El hombre de mi vida

Mañana he quedado con el hombre de mi vida, le digo a Patsy en una de las múltiples conversaciones telefónicas diarias.

Como no sea éste, no será ninguno. Practica yoga, no alardea, le gusta ir a ver exposiciones y tiene una Vespa. ¡Es el hombre de mi vida fijo!

Así que pierdo dos horas del domingo en ponerme guapa para él, me lavo el pelo, me pongo una mascarilla en la cara, me repinto las uñas y me ajusto la braga faja para no caer en la tentación. Desde que dije, años atrás, que nunca se folla en la primera cita lo cumplo, y sí, la verdad que me lo han puesto demasiado fácil.

Me manda una foto hecha en el ascensor antes de salir de su casa, para que vea su outfit y no me confunda cuando le vea llegar. La verdad que va muy bien conjuntado, buen cuerpo, ropa limpita, un reloj precioso, las uñas cuidadas… y sí, ya lo sé, me he estudiado la foto a conciencia pero el punto negativo de las fotos del ascensor le sigue teniendo.

Como llega tarde, yo me dedico a estudiar la carta, y tan metida estoy pensando en la tarta que me voy a comer que no le veo llegar. Él se ha debido de poner nervioso al no encontrarme porque cuando oigo mi teléfono sonar, levanto la vista y le veo pasar como un rayo. Cuando ya le tranquilizo y se sienta mira la carta de tés.

¿Qué vas a pedir? Su voz es muy flojita, tiene pinta de señor, señor bueno.

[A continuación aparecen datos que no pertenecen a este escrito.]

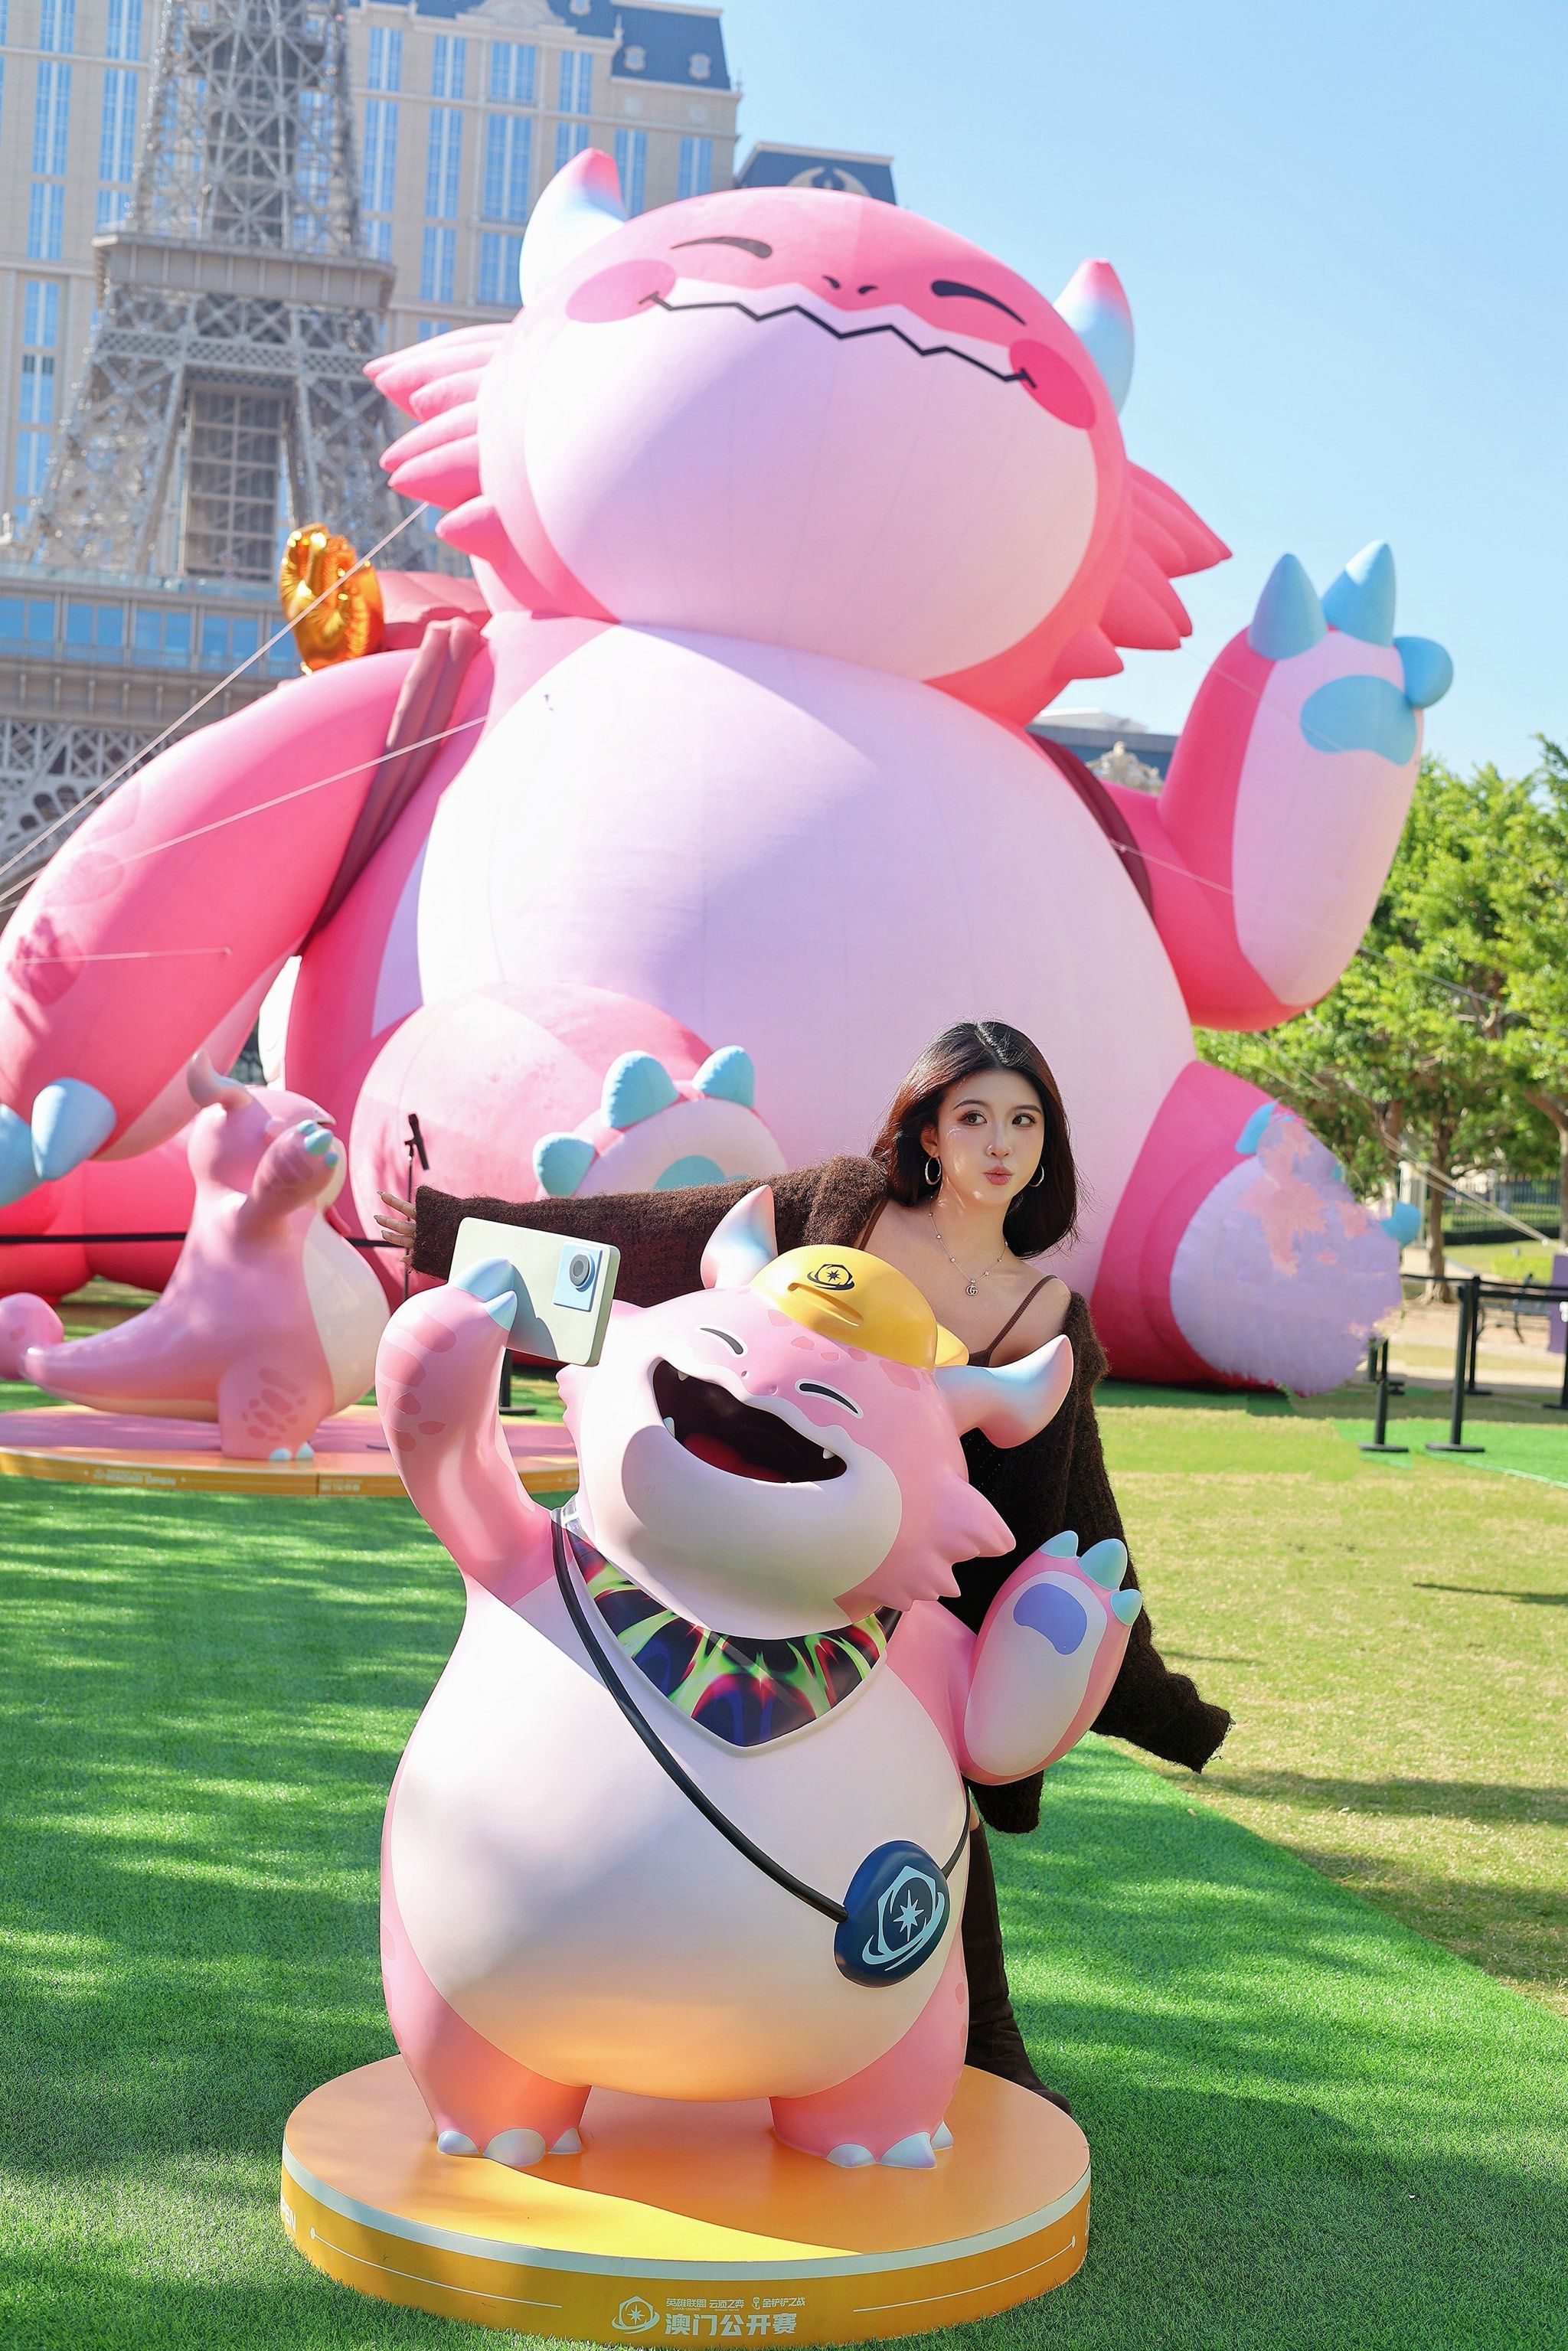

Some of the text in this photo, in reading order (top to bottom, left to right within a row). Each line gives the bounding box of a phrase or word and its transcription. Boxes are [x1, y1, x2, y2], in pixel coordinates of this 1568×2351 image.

[665, 2297, 805, 2309] 英雄联盟 云顶之弈 金铲铲之战
[665, 2313, 797, 2336] 澳门公开赛

Me dice que la cúrcuma y el jenjibre son muy saludables, «tienen muchas propiedades» afirma como un entendido.

– ¿Si? ¿Qué propiedades tienen?, le digo a mala hostia, porque es así, odio a los listillos.

Me mira con ojos de carnero degollado y le respondo yo.

– ¡Ah! Tú sí que eres entendida…

– No mucho, me gusta saber, nada más.

Su segunda metedura de pata es cuando me cuenta las exposiciones a las que ha ido últimamente… No hay que ser muy espabilada para darse cuenta de que va sólo porque tiene el seguro en la Mutua y así le sale gratis. No me corto un pelo en preguntárselo ni él en afirmarme que así es.

En seguida empiezo a notarle los labios y la boca seca. Yo, lo primero que me fijo en un hombre es en su boca, si me dan ganas de besarla vamos bien pero si no…

A los 5 minutos ya se le ven las boceras, ¿será posible? ¡Me tiene que pasar esto dos veces! Este chico, al menos, sabe que tiene un problema porque coge una servilleta y se limpia. Este acto lo hace unas 4 veces durante la hora que pasamos en la cafetería.

Y ya es mucho tiempo, porque aunque la charla es medio amena, la verdad que es difícil hablar con un tío que no te quita la vista de encima con una sonrisa perenne, sonrisa de yoga, sonrisa con boceras…

– Nos vamos ya, ¿no? le digo.

Él se presta a pagar la cuenta. Insisto en que pago yo, encima que le voy a dejar tirado después de que ha venido desde el extra radio al centro en Vespa pasando frío… Él dice que paguemos a medias y acepto.

Salimos y me suelta…

– Bueno, ¿qué te apetece hacer?

– Pues … es que tengo frío. Así que yo me iría a casa.

Le echo las culpas a Patsy que me ha dicho que hace un día estupendo y he salido con calcetín corto para intentar suavizar la despedida.

No se lo toma mal y hace la despedida fácil y rápida.

Por el camino voy pensando cómo le voy a dar largas a este chico, igual le borro directamente del Tinder y así pilla la indirecta. Llego a casa, abro la aplicación y resulta que el tío se me ha adelantado, ¡¡¡ me ha borrado él primero !!!

Me río en alto, sola en casa como una loca y pienso, sí que era bueno este chico, sí. Y ya que tengo el móvil en la mano sigo con la búsqueda del hombre de mi vida, ya llegará.